Вадимир прошел вперед, вдоль всего стола к дальнему его концу и уселся там, привалившись спиной к стене и положив одну ногу на лавку. Его солдаты расположились рядом.

— Кланы, ваше святейшество — наш форпост на границах. В том числе и на границе с Белгром. — Его ухмылка заслуживала эпитета «гнусная». — Нет. Нам не нужны неприятности с ктранами.

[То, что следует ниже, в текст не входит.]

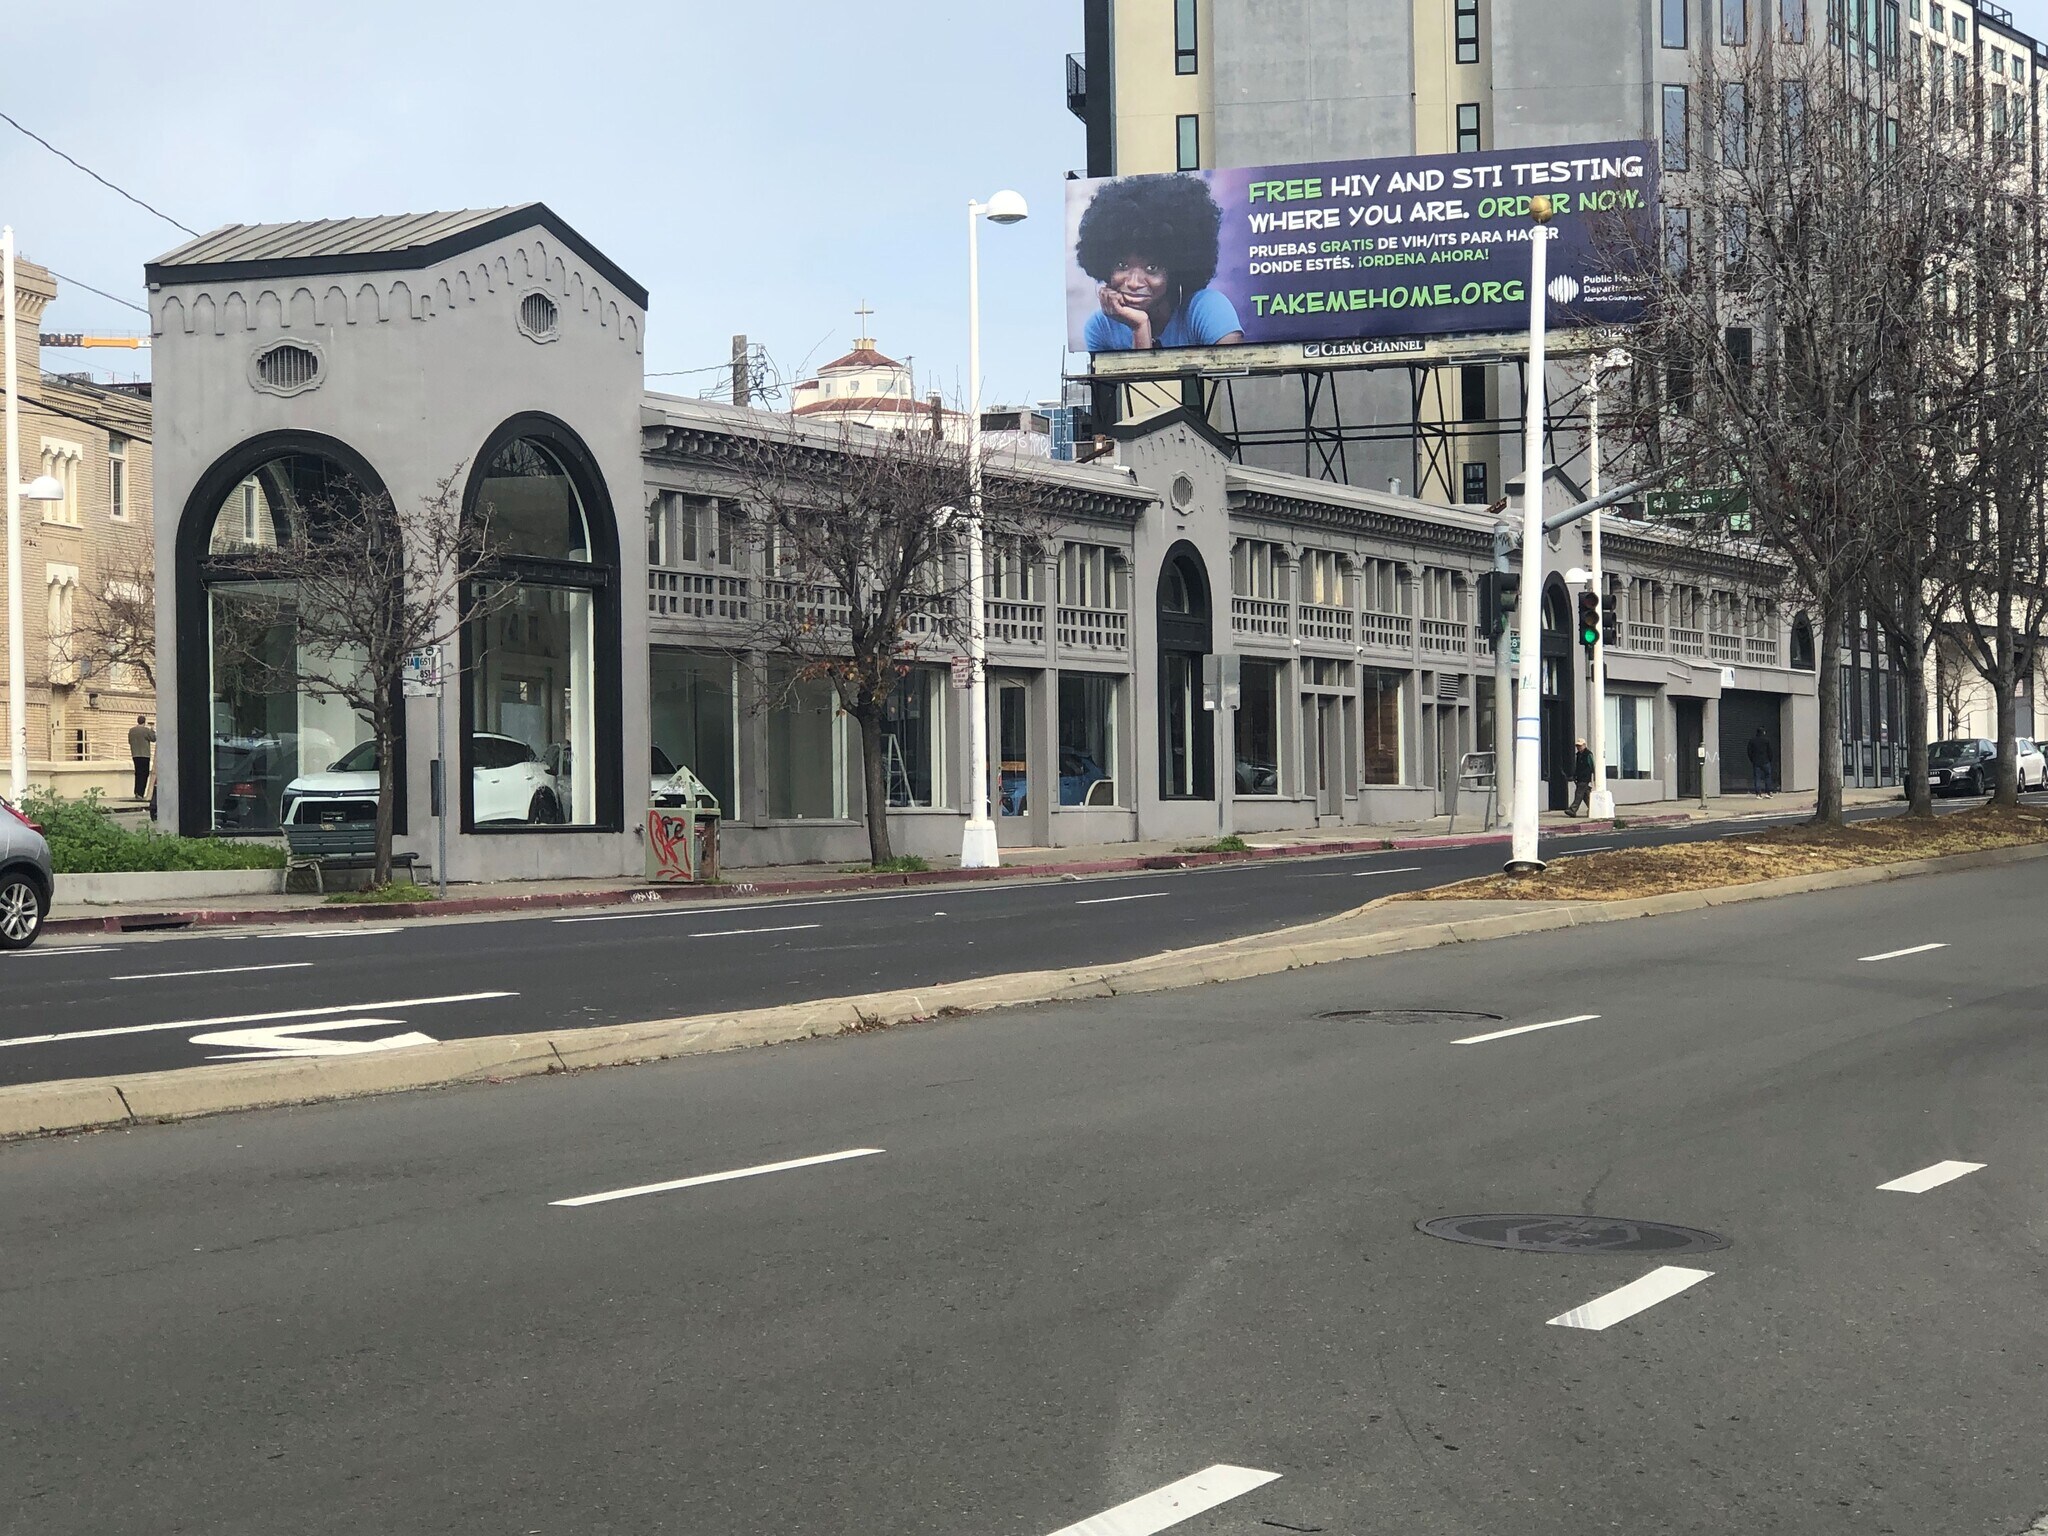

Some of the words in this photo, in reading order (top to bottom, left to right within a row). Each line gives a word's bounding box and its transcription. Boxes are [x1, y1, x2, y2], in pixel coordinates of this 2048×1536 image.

[1249, 177, 1323, 203] FREE
[1330, 173, 1381, 198] HIV
[1387, 169, 1444, 193] AND
[1452, 164, 1502, 190] STI
[1511, 155, 1644, 186] TESTING
[1249, 207, 1340, 234] WHERE
[1348, 205, 1402, 227] YOU
[1409, 199, 1470, 223] ARE.
[1478, 193, 1570, 219] ORDR
[1579, 189, 1645, 212] NOW.
[1249, 242, 1317, 257] PRUEBAS
[1320, 238, 1374, 253] GRATIS
[1377, 237, 1399, 250] DE
[1401, 232, 1457, 249] VIH/ITS
[1461, 230, 1502, 244] PARA
[1249, 259, 1302, 274] DONDE
[1306, 254, 1354, 271] ESTÉS.
[1358, 252, 1426, 268] ¡ORDENA
[1429, 249, 1489, 265] AHORA!
[1584, 275, 1612, 283] Public
[1251, 280, 1524, 316] TAKEMEHOME.ORG
[1320, 343, 1362, 355] CLEAR
[1362, 341, 1423, 353] CHANNEL
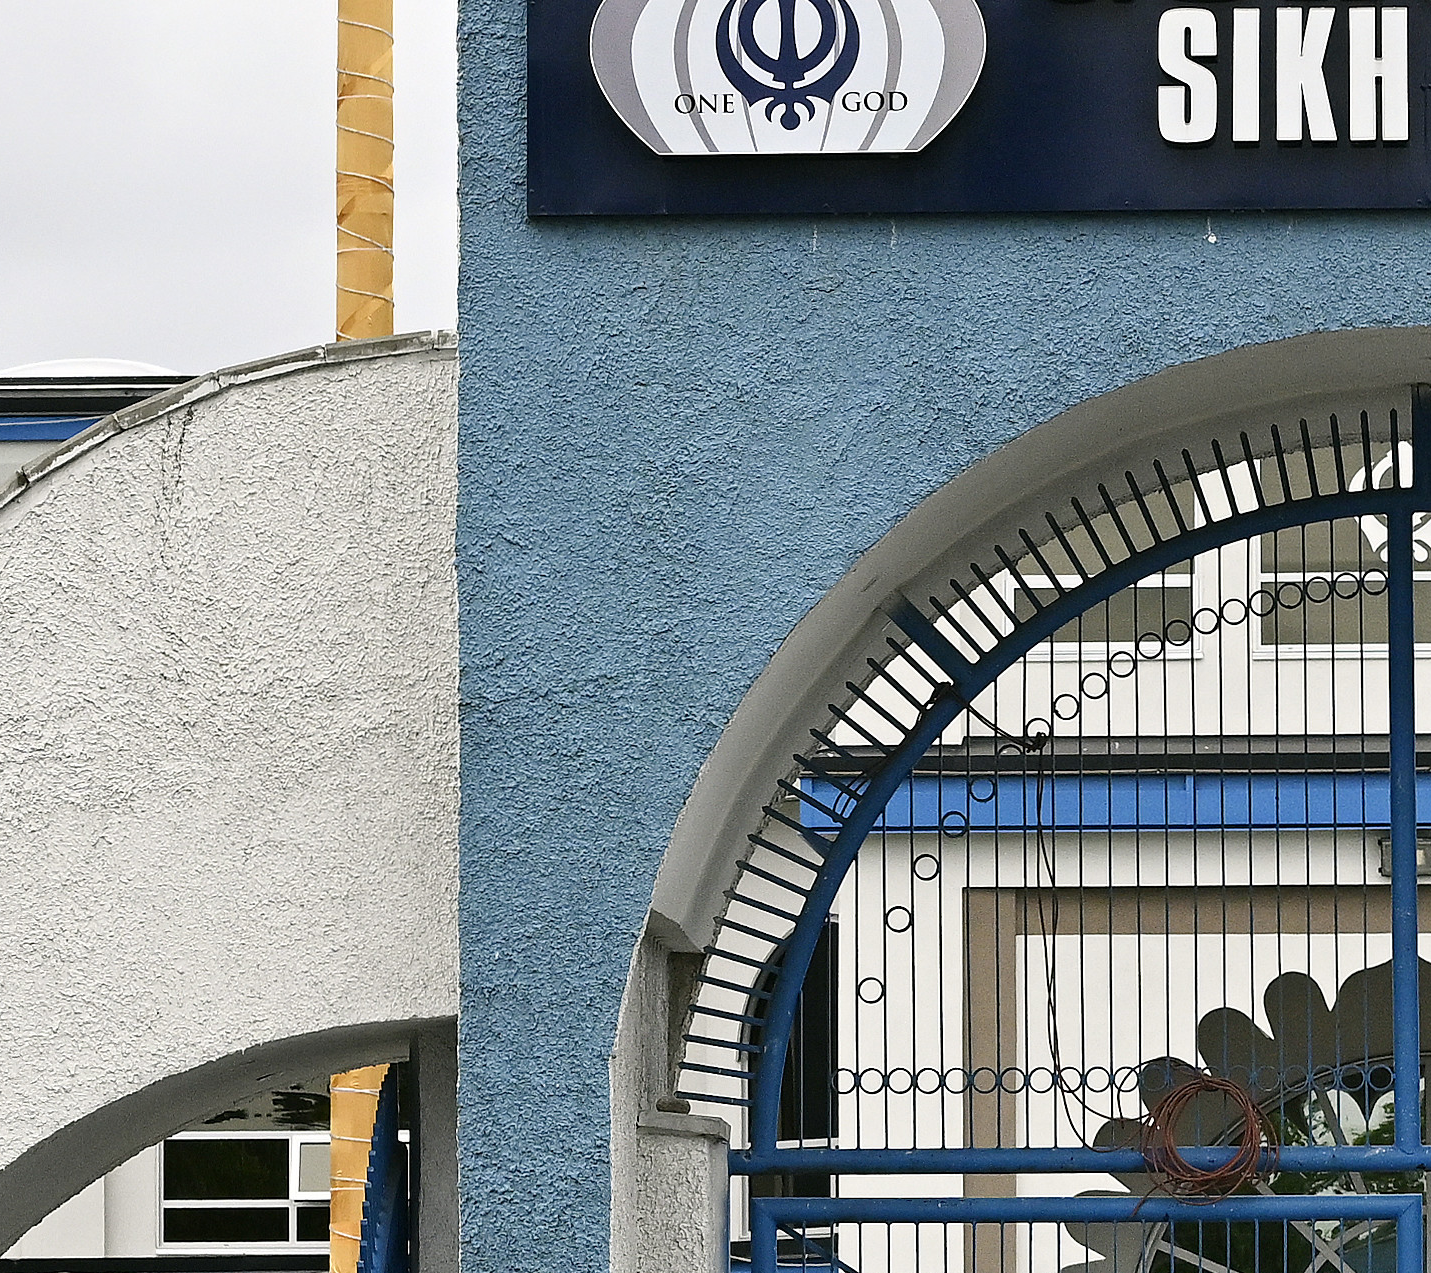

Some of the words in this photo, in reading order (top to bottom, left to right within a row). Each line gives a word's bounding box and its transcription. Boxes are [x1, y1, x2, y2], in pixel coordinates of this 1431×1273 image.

[674, 93, 734, 114] ONE
[841, 91, 908, 112] GOD
[1157, 6, 1410, 143] SIKH
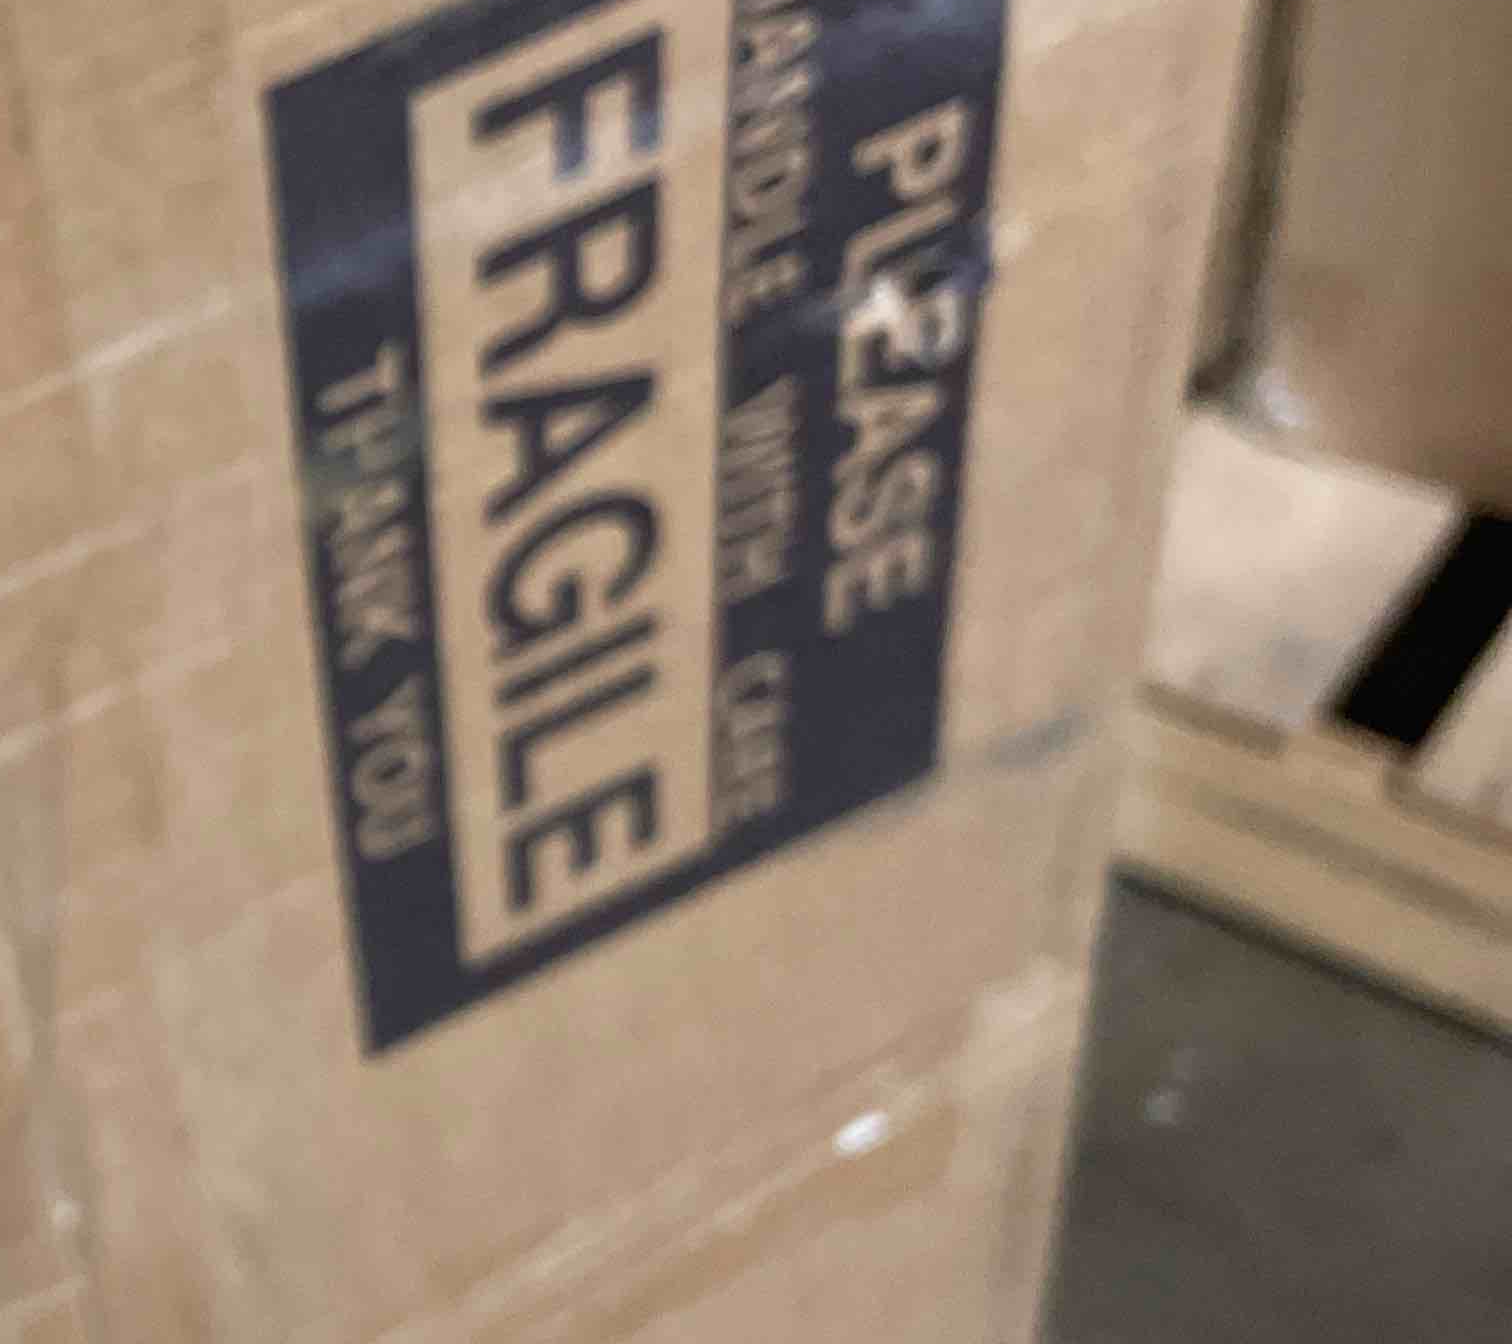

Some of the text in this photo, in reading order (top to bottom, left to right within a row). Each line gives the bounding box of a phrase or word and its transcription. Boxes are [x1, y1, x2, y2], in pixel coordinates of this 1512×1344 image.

[313, 341, 440, 862] THANK YOU
[472, 26, 668, 912] FRAGILE
[718, 372, 802, 608] WITH
[824, 96, 974, 636] PLEASE
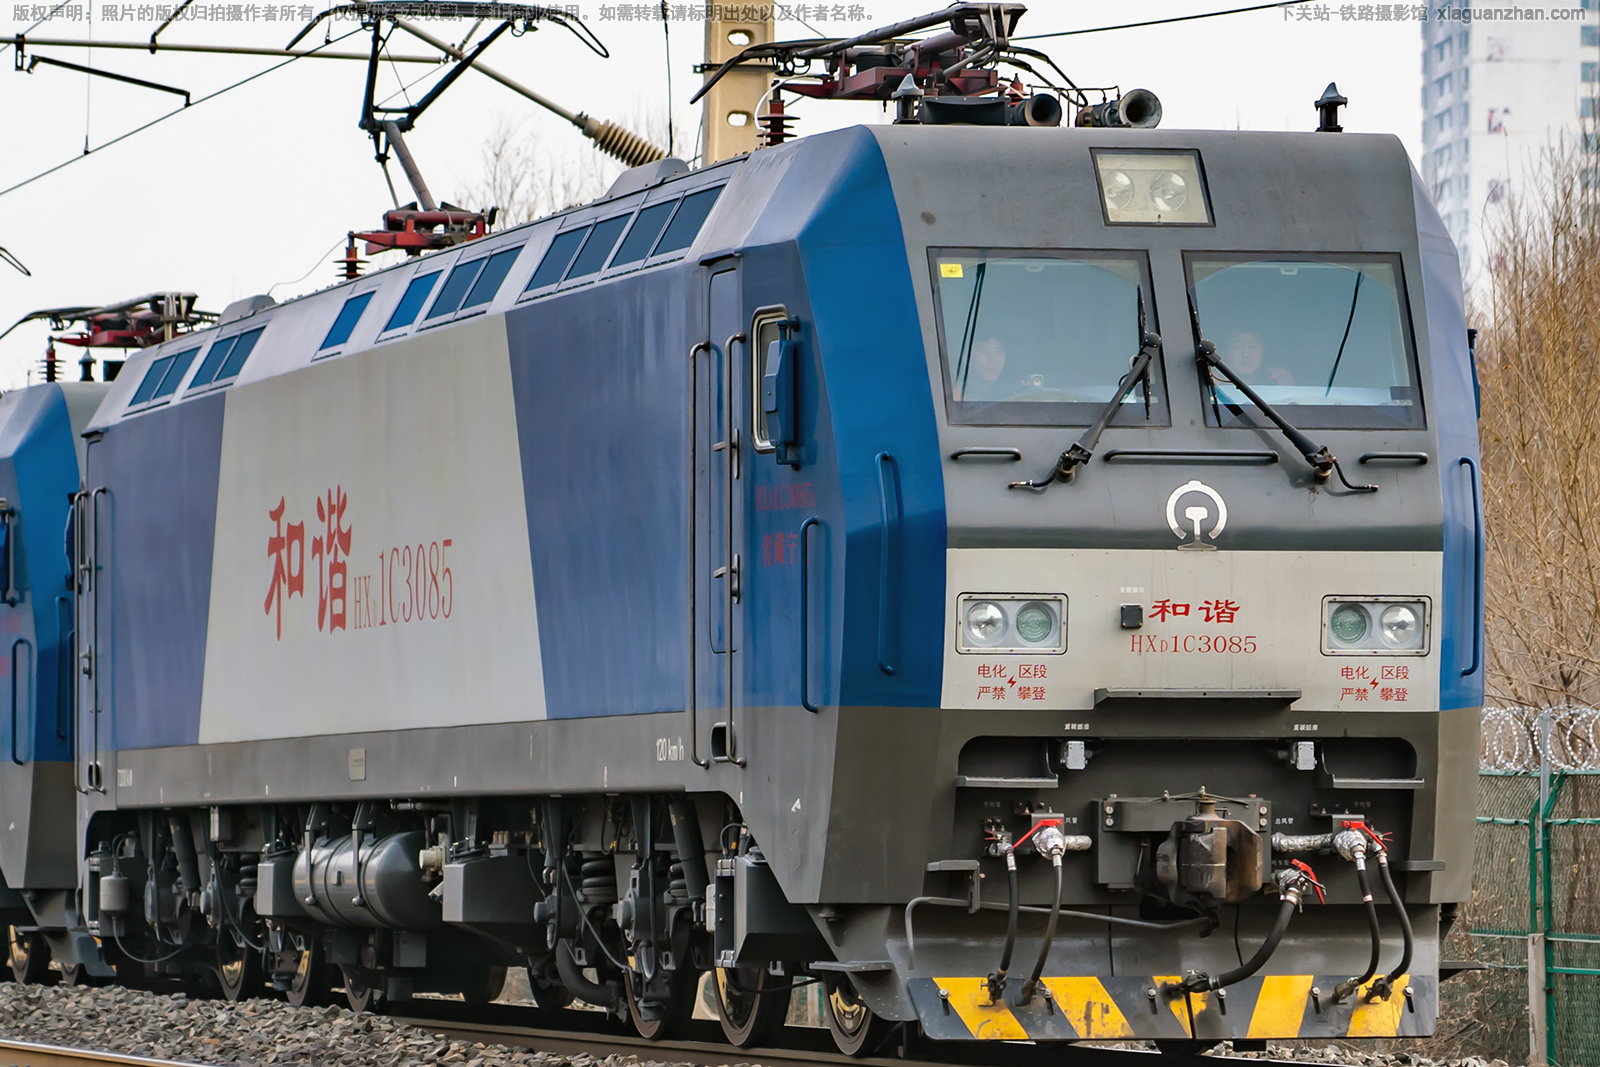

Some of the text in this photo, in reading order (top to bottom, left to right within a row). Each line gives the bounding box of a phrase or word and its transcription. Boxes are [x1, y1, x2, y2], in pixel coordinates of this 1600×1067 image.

Рокти, вполне удовлетворенная, обернулась к монаху. С минуту они прожигали друг друга взглядами. Наконец, монах стиснул кулаки и процедил сквозь зубы:

— Великолепно! Я арестую этого человека сам!

Еще не стих последний звук последнего слова, как трактир наполнился людьми в рясах. Они выходили из первого зала, кухни, спускались по лестнице. Каждый нес в руках посох. Посетители поспешили убраться из трактира. Так же тихо и спокойно, как вошли в таверну монахи, купцы, охотники и мелкие лавочники подхватывали свои пожитки и, расплатившись с хозяйкой, исчезали в дверях черного хода, поднимались в свои комнаты. Остались только я, Рокти, Вадимир и его солдаты, монах, девочка и воин на лестнице, толпа черных, да странник с учеником. Эти двое так и остались сидеть в уголке, наблюдая за происходящим.